Monday, July 22, 2013

Bagblaja


There comes a time in every girl's life when she has to decide whether lifting the lid of the outhouse toilet and seeing a small cockroach hanging out on the seat is a good enough reason to hold it, or should merely be accepted as a matter of course.

Ok, well, maybe not every girl's life, but that time has come and gone in this girl's life at least. I'm proud to say that I've been in Africa long enough to accept such things as a matter of course. (For all of you secretly wondering, I did move it before I sat down though.) My paranoia about finding creepy crawlies in my room/bed/etc. is quite low and my tolerance for actually finding them in those places is quite admirable. I am not some silly, squeamish tourist, thank you very much.


I sit down at the table in my room to do some more foundation work and keep hearing a rustling sound, which I assume is coming from outside. (Let me emphasis this: the movements of the unidentified marauder were loud enough to hear.) Then I glance down at my feet and catch a glimpse of movement. Up go the feet for safety, down goes the head for inspection.


Then I see it: I've met rottweilers that would be intimidated by this cockroach.

 
I'll admit it- I screamed. From the living room, Victoria shouts "What? WHAT??"
"BAGBLAJAAAAAA!" I scream back, launching myself across the room. (Victoria spends the next half hour in a helpless fit of delighted giggles because I answered her in Ewe.)

Worfa, Victoria and Christian come bursting in just in time for the beast to climb up the wall, on to the table and take a flying leap. I start shrieking at a frequency only dolphins can hear. It lands on my computer- not on me, like I'd expected, but this is just adding insult to injury now.

Worfa approaches, ready to kill. It crawls to the edge of the table and launches itself into the air. I dive behind Worfa, in full panic mode now. "I'm under attack!!!" I howl. Victoria is laughing hysterically by this point, and at the same time trying to apologize. For the cockroach's presence or his actions, I'm not sure which.

The fiend lands on the floor and starts making a mad dash for my bed- my BED of all places- and I am still screaming and trying to get as far away as possible and have my hands pulled up to my chest like little T-Rex arms.

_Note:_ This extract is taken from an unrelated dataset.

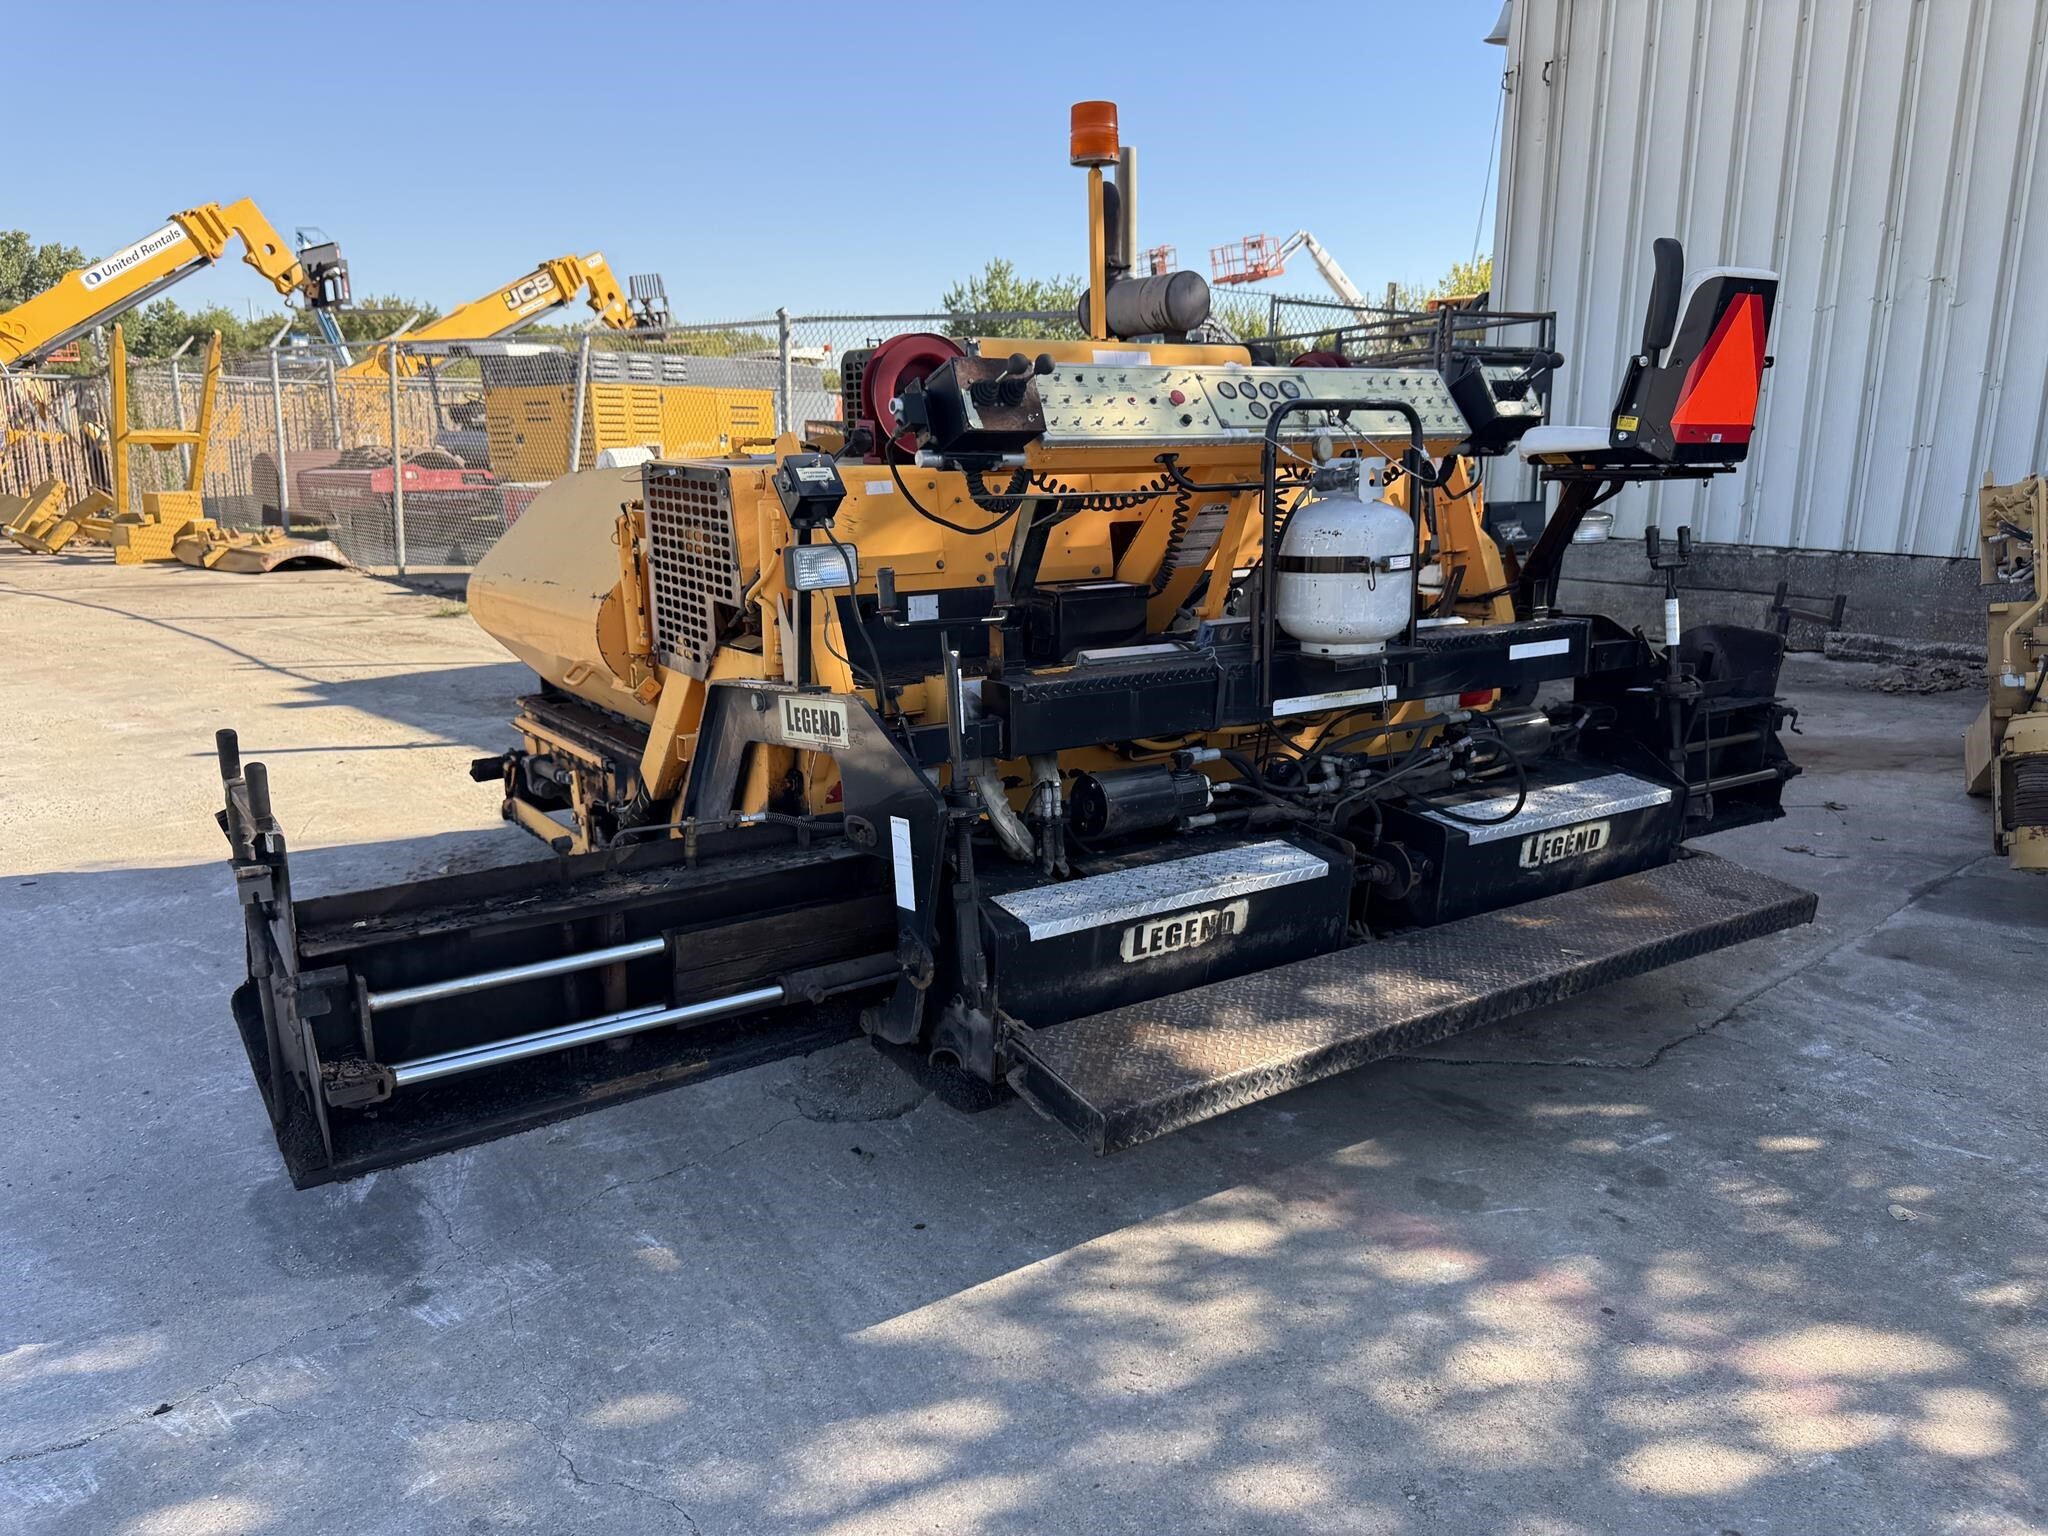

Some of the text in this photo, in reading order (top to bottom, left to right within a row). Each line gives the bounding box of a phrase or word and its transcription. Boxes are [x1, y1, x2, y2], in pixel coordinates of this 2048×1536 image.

 Worfa finally crushes it with his bare foot, picks it up by one leg with his bare hand and marches it outside. Danger over, I start to feel just a little bit foolish for reacting that way to a creature that doesn't bite, sting, or transmit diseases, and suddenly looks about the size of a large matchbox rather than a large dog.

 
Perhaps I need to spend a little more time in Africa after all.

1 comment:

  1. Ahahaha, hilarious!! What a great post. Made me cry tears of laughter....the best kind of tears, right?!